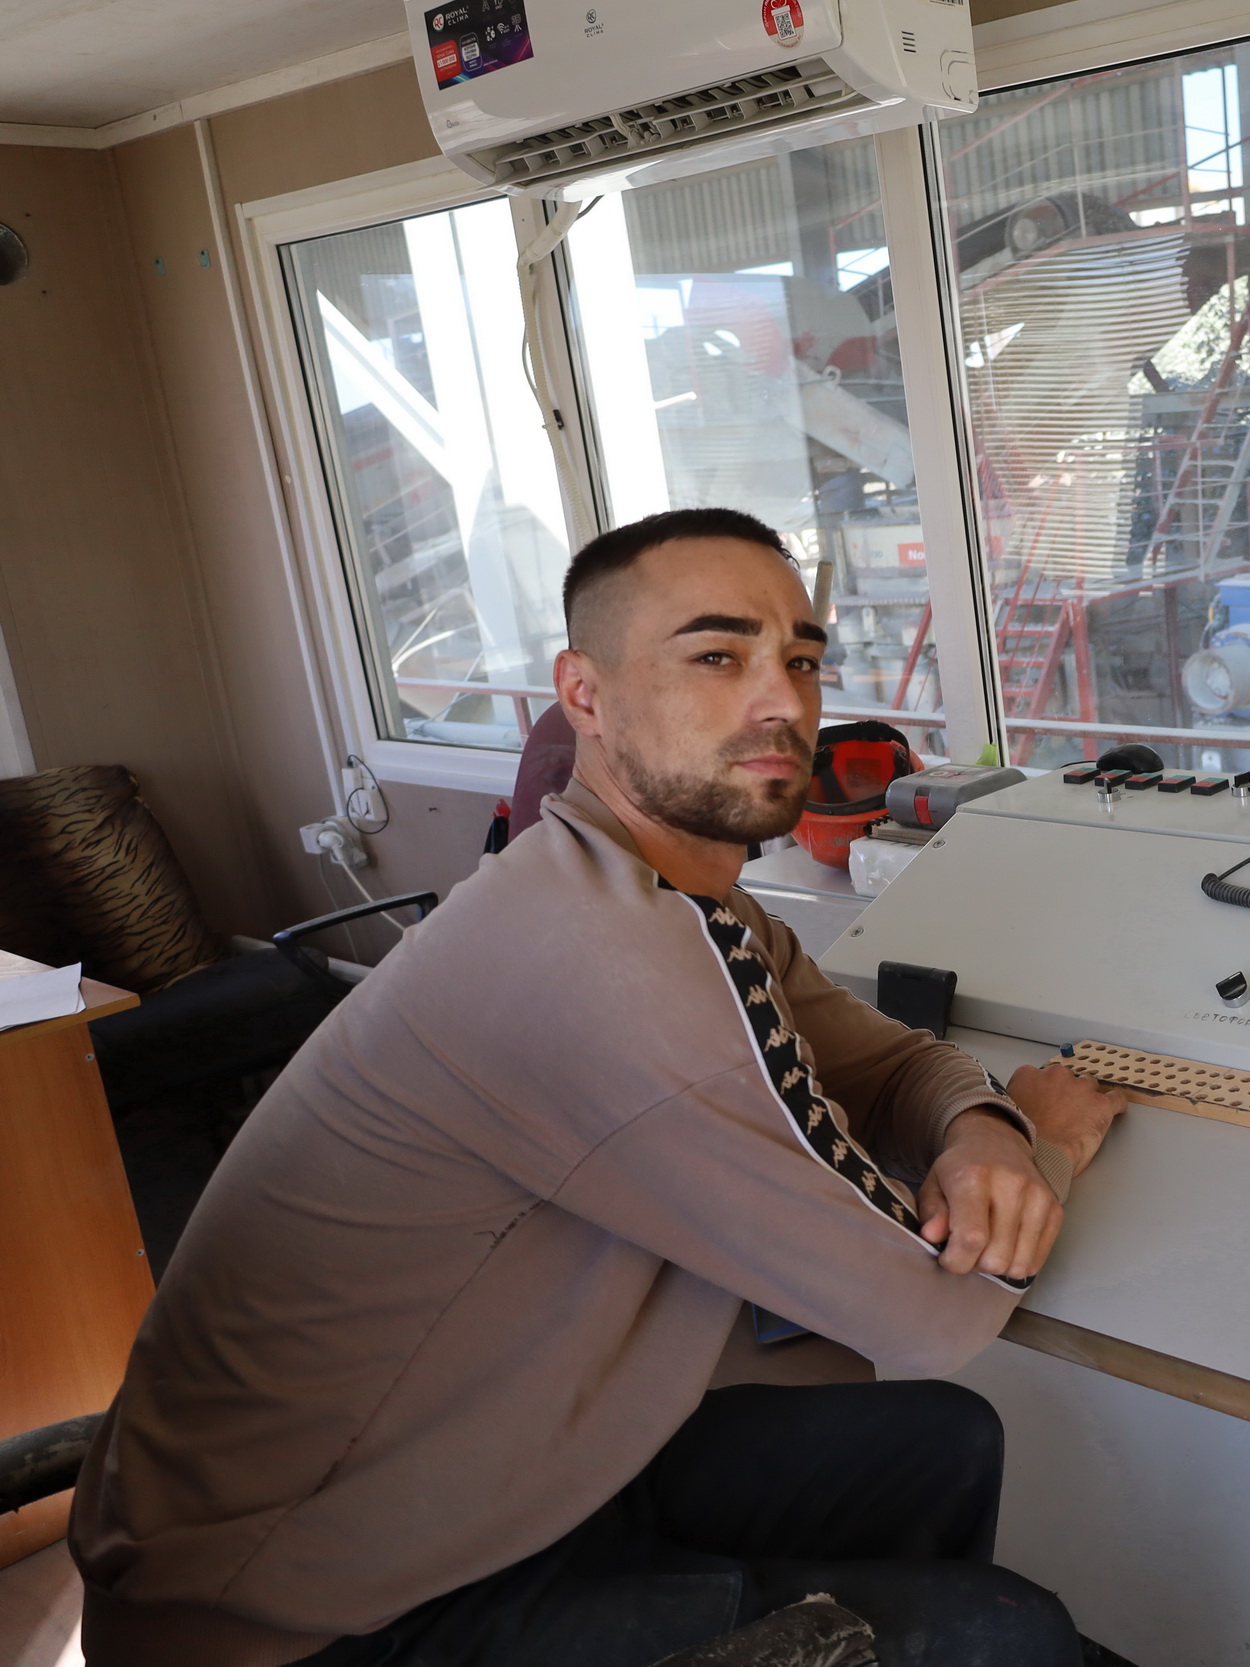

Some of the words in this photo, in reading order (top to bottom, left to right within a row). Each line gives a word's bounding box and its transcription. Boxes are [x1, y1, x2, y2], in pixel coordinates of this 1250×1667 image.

[446, 7, 467, 20] ROYAL
[448, 14, 469, 26] CLIMA
[584, 24, 603, 33] ROYAL
[586, 29, 604, 38] CLIMA
[908, 549, 926, 561] No
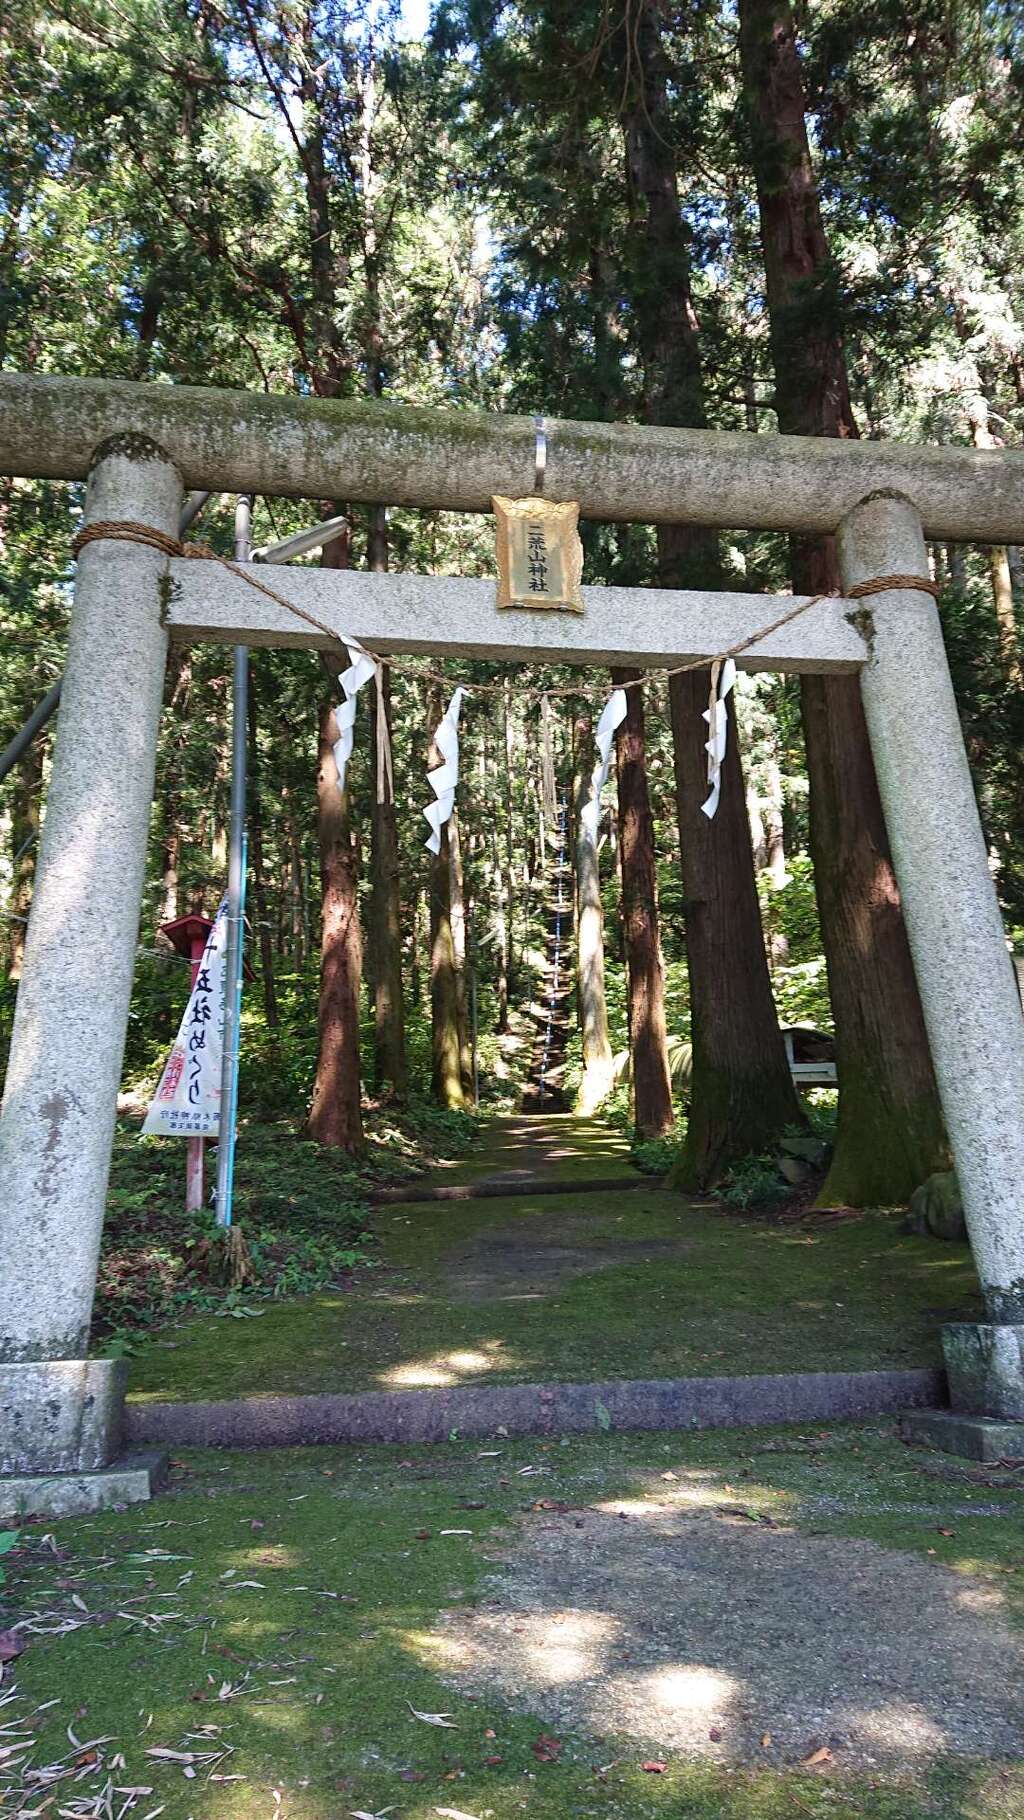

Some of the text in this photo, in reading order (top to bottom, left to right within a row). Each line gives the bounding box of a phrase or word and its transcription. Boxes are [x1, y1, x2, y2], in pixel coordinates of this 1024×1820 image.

[527, 525, 549, 593] 二荒山神社

▬▬▬▬▬▬▬▬▬▬

Give back the material word for word, leaving out its pictures.

Some of the words in this photo, in reading order (top to bottom, left to right within a row). Each line gives a word's bounding box and its transcription. Boxes are [x1, y1, x2, y2], in pixel coordinates of this 1250×1667 image.

[446, 7, 467, 20] ROYAL
[448, 14, 469, 26] CLIMA
[584, 24, 603, 33] ROYAL
[586, 29, 604, 38] CLIMA
[908, 549, 926, 561] No

Some of the text in this photo, in reading order (top to bottom, left to right within a row). Each line gives the bounding box of a phrase or word and its transcription. Boxes are [x1, y1, x2, y2], in pixel coordinates of this 1024×1820 image.

[527, 525, 549, 593] 二荒山神社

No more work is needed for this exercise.